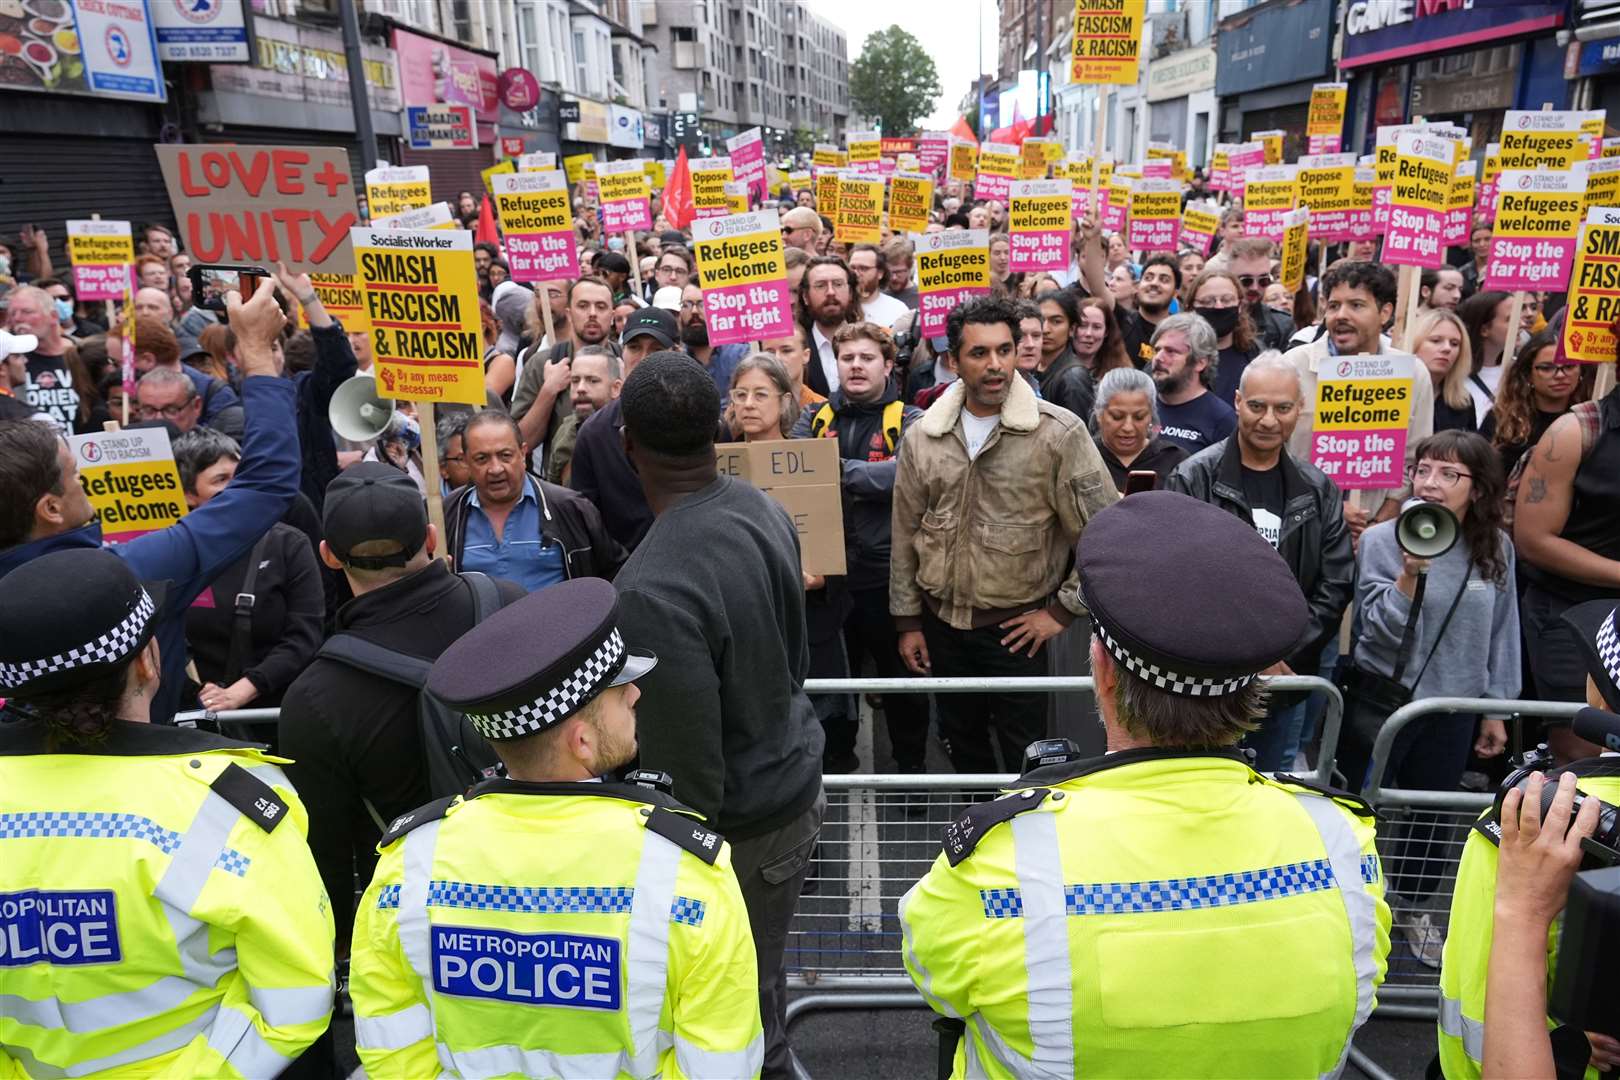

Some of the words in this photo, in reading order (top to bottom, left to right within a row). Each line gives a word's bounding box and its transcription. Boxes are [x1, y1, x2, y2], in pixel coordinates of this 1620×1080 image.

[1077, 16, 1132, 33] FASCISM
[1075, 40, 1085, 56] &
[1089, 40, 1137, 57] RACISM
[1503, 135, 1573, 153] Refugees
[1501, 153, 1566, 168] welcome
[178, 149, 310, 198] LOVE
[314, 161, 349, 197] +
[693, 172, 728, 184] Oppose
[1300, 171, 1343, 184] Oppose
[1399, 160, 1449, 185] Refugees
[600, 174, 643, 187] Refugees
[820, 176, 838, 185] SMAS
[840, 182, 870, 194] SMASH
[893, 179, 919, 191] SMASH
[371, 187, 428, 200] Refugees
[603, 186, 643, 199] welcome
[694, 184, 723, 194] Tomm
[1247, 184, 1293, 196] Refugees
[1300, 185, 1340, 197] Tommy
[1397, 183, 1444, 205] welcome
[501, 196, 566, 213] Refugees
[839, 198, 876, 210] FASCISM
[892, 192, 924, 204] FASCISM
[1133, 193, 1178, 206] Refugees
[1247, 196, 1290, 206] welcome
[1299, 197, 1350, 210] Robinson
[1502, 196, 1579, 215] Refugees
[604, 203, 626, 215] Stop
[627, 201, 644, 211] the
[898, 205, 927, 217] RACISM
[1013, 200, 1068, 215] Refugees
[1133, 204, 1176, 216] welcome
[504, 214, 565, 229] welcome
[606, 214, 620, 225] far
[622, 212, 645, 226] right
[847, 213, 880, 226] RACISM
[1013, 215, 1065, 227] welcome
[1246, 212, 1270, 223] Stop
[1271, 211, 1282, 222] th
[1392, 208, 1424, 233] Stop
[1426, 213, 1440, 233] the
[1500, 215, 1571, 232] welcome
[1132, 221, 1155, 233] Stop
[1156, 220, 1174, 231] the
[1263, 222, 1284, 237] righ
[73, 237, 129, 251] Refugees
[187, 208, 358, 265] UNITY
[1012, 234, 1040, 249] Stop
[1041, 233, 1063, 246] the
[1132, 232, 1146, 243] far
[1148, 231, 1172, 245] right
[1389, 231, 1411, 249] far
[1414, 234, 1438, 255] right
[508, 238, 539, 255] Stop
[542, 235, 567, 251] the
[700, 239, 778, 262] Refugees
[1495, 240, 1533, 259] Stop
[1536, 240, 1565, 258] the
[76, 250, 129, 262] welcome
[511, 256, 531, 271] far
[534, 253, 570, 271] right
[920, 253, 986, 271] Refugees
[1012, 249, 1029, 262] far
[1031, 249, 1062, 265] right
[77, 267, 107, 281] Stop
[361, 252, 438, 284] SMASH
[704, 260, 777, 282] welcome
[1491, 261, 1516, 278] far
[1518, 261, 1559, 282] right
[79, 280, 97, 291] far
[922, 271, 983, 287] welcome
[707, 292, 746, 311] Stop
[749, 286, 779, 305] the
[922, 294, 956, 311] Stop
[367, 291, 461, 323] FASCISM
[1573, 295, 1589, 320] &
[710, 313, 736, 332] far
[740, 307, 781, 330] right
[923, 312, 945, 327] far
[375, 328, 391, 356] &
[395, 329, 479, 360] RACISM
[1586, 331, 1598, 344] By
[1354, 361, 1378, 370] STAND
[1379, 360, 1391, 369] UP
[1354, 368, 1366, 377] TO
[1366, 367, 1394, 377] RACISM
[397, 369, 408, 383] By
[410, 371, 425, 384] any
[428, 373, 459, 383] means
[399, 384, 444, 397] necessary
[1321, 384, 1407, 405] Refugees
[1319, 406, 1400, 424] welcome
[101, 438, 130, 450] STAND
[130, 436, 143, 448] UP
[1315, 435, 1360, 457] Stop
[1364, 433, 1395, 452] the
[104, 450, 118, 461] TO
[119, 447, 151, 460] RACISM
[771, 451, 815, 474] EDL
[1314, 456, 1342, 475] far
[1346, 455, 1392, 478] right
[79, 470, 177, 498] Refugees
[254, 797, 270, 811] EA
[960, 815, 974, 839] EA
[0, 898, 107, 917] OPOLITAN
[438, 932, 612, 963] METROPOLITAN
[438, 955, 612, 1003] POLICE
============
## Task objective
Keep the pictures out and write out the records exactly.

## Solution for this exercise
Some of the words in this photo, in reading order (top to bottom, left to right within a row). Each line gives a word's bounding box and its transcription. Boxes are [x1, y1, x2, y2], in pixel coordinates of this 1620×1080 image.

[1077, 16, 1132, 33] FASCISM
[1075, 40, 1085, 56] &
[1089, 40, 1137, 57] RACISM
[1503, 135, 1573, 153] Refugees
[1501, 153, 1566, 168] welcome
[178, 149, 310, 198] LOVE
[314, 161, 349, 197] +
[693, 172, 728, 184] Oppose
[1300, 171, 1343, 184] Oppose
[1399, 160, 1449, 185] Refugees
[600, 174, 643, 187] Refugees
[820, 176, 838, 185] SMAS
[840, 182, 870, 194] SMASH
[893, 179, 919, 191] SMASH
[371, 187, 428, 200] Refugees
[603, 186, 643, 199] welcome
[694, 184, 723, 194] Tomm
[1247, 184, 1293, 196] Refugees
[1300, 185, 1340, 197] Tommy
[1397, 183, 1444, 205] welcome
[501, 196, 566, 213] Refugees
[839, 198, 876, 210] FASCISM
[892, 192, 924, 204] FASCISM
[1133, 193, 1178, 206] Refugees
[1247, 196, 1290, 206] welcome
[1299, 197, 1350, 210] Robinson
[1502, 196, 1579, 215] Refugees
[604, 203, 626, 215] Stop
[627, 201, 644, 211] the
[898, 205, 927, 217] RACISM
[1013, 200, 1068, 215] Refugees
[1133, 204, 1176, 216] welcome
[504, 214, 565, 229] welcome
[606, 214, 620, 225] far
[622, 212, 645, 226] right
[847, 213, 880, 226] RACISM
[1013, 215, 1065, 227] welcome
[1246, 212, 1270, 223] Stop
[1271, 211, 1282, 222] th
[1392, 208, 1424, 233] Stop
[1426, 213, 1440, 233] the
[1500, 215, 1571, 232] welcome
[1132, 221, 1155, 233] Stop
[1156, 220, 1174, 231] the
[1263, 222, 1284, 237] righ
[73, 237, 129, 251] Refugees
[187, 208, 358, 265] UNITY
[1012, 234, 1040, 249] Stop
[1041, 233, 1063, 246] the
[1132, 232, 1146, 243] far
[1148, 231, 1172, 245] right
[1389, 231, 1411, 249] far
[1414, 234, 1438, 255] right
[508, 238, 539, 255] Stop
[542, 235, 567, 251] the
[700, 239, 778, 262] Refugees
[1495, 240, 1533, 259] Stop
[1536, 240, 1565, 258] the
[76, 250, 129, 262] welcome
[511, 256, 531, 271] far
[534, 253, 570, 271] right
[920, 253, 986, 271] Refugees
[1012, 249, 1029, 262] far
[1031, 249, 1062, 265] right
[77, 267, 107, 281] Stop
[361, 252, 438, 284] SMASH
[704, 260, 777, 282] welcome
[1491, 261, 1516, 278] far
[1518, 261, 1559, 282] right
[79, 280, 97, 291] far
[922, 271, 983, 287] welcome
[707, 292, 746, 311] Stop
[749, 286, 779, 305] the
[922, 294, 956, 311] Stop
[367, 291, 461, 323] FASCISM
[1573, 295, 1589, 320] &
[710, 313, 736, 332] far
[740, 307, 781, 330] right
[923, 312, 945, 327] far
[375, 328, 391, 356] &
[395, 329, 479, 360] RACISM
[1586, 331, 1598, 344] By
[1354, 361, 1378, 370] STAND
[1379, 360, 1391, 369] UP
[1354, 368, 1366, 377] TO
[1366, 367, 1394, 377] RACISM
[397, 369, 408, 383] By
[410, 371, 425, 384] any
[428, 373, 459, 383] means
[399, 384, 444, 397] necessary
[1321, 384, 1407, 405] Refugees
[1319, 406, 1400, 424] welcome
[101, 438, 130, 450] STAND
[130, 436, 143, 448] UP
[1315, 435, 1360, 457] Stop
[1364, 433, 1395, 452] the
[104, 450, 118, 461] TO
[119, 447, 151, 460] RACISM
[771, 451, 815, 474] EDL
[1314, 456, 1342, 475] far
[1346, 455, 1392, 478] right
[79, 470, 177, 498] Refugees
[254, 797, 270, 811] EA
[960, 815, 974, 839] EA
[0, 898, 107, 917] OPOLITAN
[438, 932, 612, 963] METROPOLITAN
[438, 955, 612, 1003] POLICE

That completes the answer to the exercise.